Some notes about the changes that I've made here:

  • @gravesti created a workflow that replicated the error, I extracted the core logic of this into a shell script which can in theory be run locally and then updated the workflow to just call that shell script. You can see it replicating the error here: https://github.com/insightsengineering/rbmi/actions/runs/19768301887/job/56646410987

  • I updated the cache directory to default to tempfile(). This means by default it is unique to just the current R session so you will always have to recompile across sessions. The thinking here is this should significantly reduce the risk of future issues as this directory is automatically cleaned up after R has finished and doesn't trigger the _R_CHECK_THINGS_IN_OTHER_DIRS_ test

Currently the directories monitored are the home directory, /tmp (excluding RtmpXXXXXX directories), /dav/shm, ~/.cache (recursively) and ~/.local/share (recursively) or their equivalents on Windows and macOS (the directories in which the default settings for tools::R_user_dir() use a R subdirectory).
https://cran.r-project.org/doc/manuals/r-release/R-ints.html#Tools

  • I updated the hashing function to consume the content of the file itself. This means if any line of code changes as well as the R version / R package versions change then a new hash is generated. This way there should be no risk of using an old cached file. As such I have removed the "clean_cache()" function as the logic was getting a bit awkward and I don't think its needed anymore.

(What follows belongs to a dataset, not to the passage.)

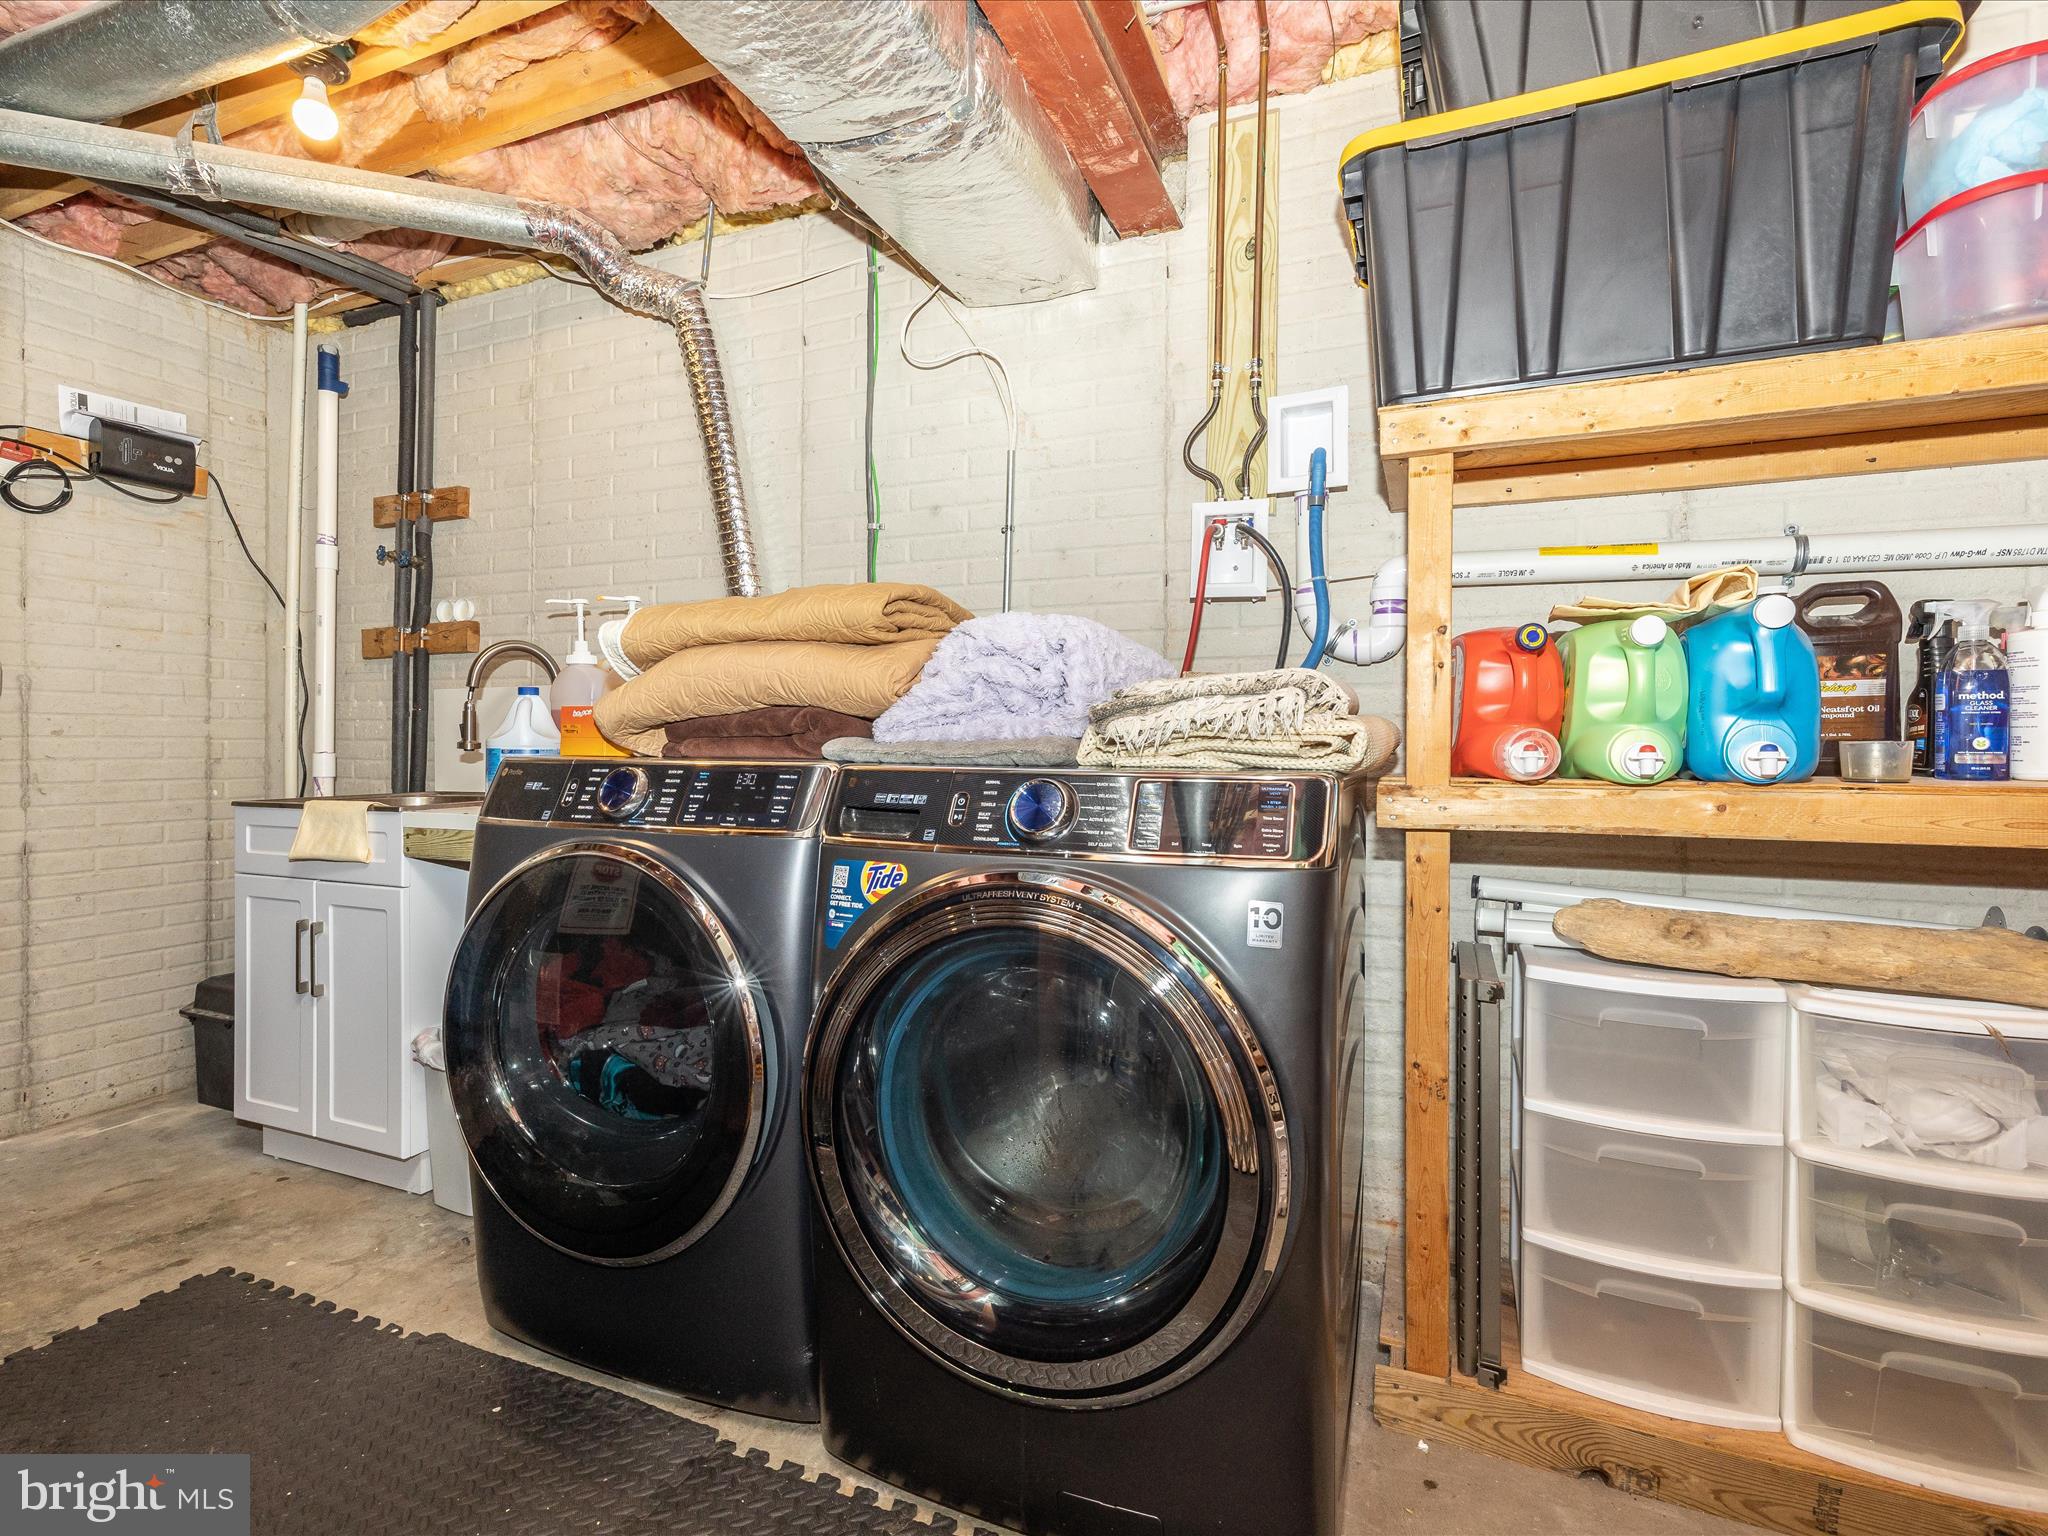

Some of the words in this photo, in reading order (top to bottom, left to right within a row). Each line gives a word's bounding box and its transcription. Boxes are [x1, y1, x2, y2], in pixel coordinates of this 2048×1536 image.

  • I updated the code so that it constructs the model fully in memory and only ever writes to disk if getOption("rbmi.enable_cache") == TRUE

  • options("rbmi.enable_cache") is set to FALSE by default for all tests unless the global environment variable RBMI_TEST_LOCAL=TRUE

I will disable all Stan tests in a future PR

Copy link
Collaborator Author

@gravesti gravesti left a comment

Choose a reason for hiding this comment

The reason will be displayed to describe this comment to others. Learn more.

@gowerc Looks good, just one note

@luwidmer
Copy link
Collaborator

@gowerc you mentioned "I will disable all Stan tests in a future PR" - is this just on CRAN, or everywhere?

@gowerc
Copy link
Collaborator

gowerc commented Nov 29, 2025

@luwidmer - That would just be for CRAN. I need to adjust the code and GHA workflows a bit but I was thinking we'd have 3 tiers of tests:

  • Minimal (CRAN)
  • Core ( CI workflows + local execution of tests)
  • Full (cron job that runs twice a month)

Main justification here for the "minimal" on CRAN being that we need to get the run time down below 10 minutes which is difficult now we don't cache the model on CRAN thus easiest option is to disable all rstan tests. This is also justifiable as we rstan is only a suggests for the package anyway.

@luwidmer
Copy link
Collaborator

Works for me. For OncoBayes2 we still sample with 10 samples total and 2 warmup "fake sampling" on CRAN, but if your runtime is dominated by compilation, then I'd skip there too.

@gowerc gowerc changed the title add "donttest" workflow Stop rbmi writing to cache directory on CRAN Dec 1, 2025
@gowerc
Copy link
Collaborator

gowerc commented Dec 1, 2025

Hmmm when running this on my local machine I am sometimes getting errors such as:

* checking for new files in some other directories ... NOTE
Found the following files/directories:
  ‘/var/folders/6s/f6_p_03n6g182gs7f_fzf_5w0000gn/T/RtmpvPPIP6’
  ‘/var/folders/6s/f6_p_03n6g182gs7f_fzf_5w0000gn/T/RtmpxynGyO’
* DONE

My assumption is this is due to other background processes adding folders but I am not confident... in particular the fact the have Rtmp in the root file/folder name worries me a bit...

EDIT:

Definitely appears to be R related :(

~/Desktop/Work/rbmi donttest* 11s
> cd /var/folders/6s/f6_p_03n6g182gs7f_fzf_5w0000gn/T/RtmpvPPIP6     

/var/folders/6s/f6_p_03n6g182gs7f_fzf_5w0000gn/T/RtmpvPPIP6
> ls
libloc_228_cce4ed05d3cb9016.rds
image

EDIT2:
I'm 80% confident this is a false positive due to me running multiple tests in parallel. Looks like other R process writing to their temp directory seems to trigger the _R_CHECK_THINGS_IN_OTHER_DIRS_ test

@gowerc
Copy link
Collaborator

gowerc commented Dec 1, 2025

Ok apologies this PR has ballooned a bit. Unfortunately to get the unit tests to work in a more sensible and clear way required a minor overhaul to them.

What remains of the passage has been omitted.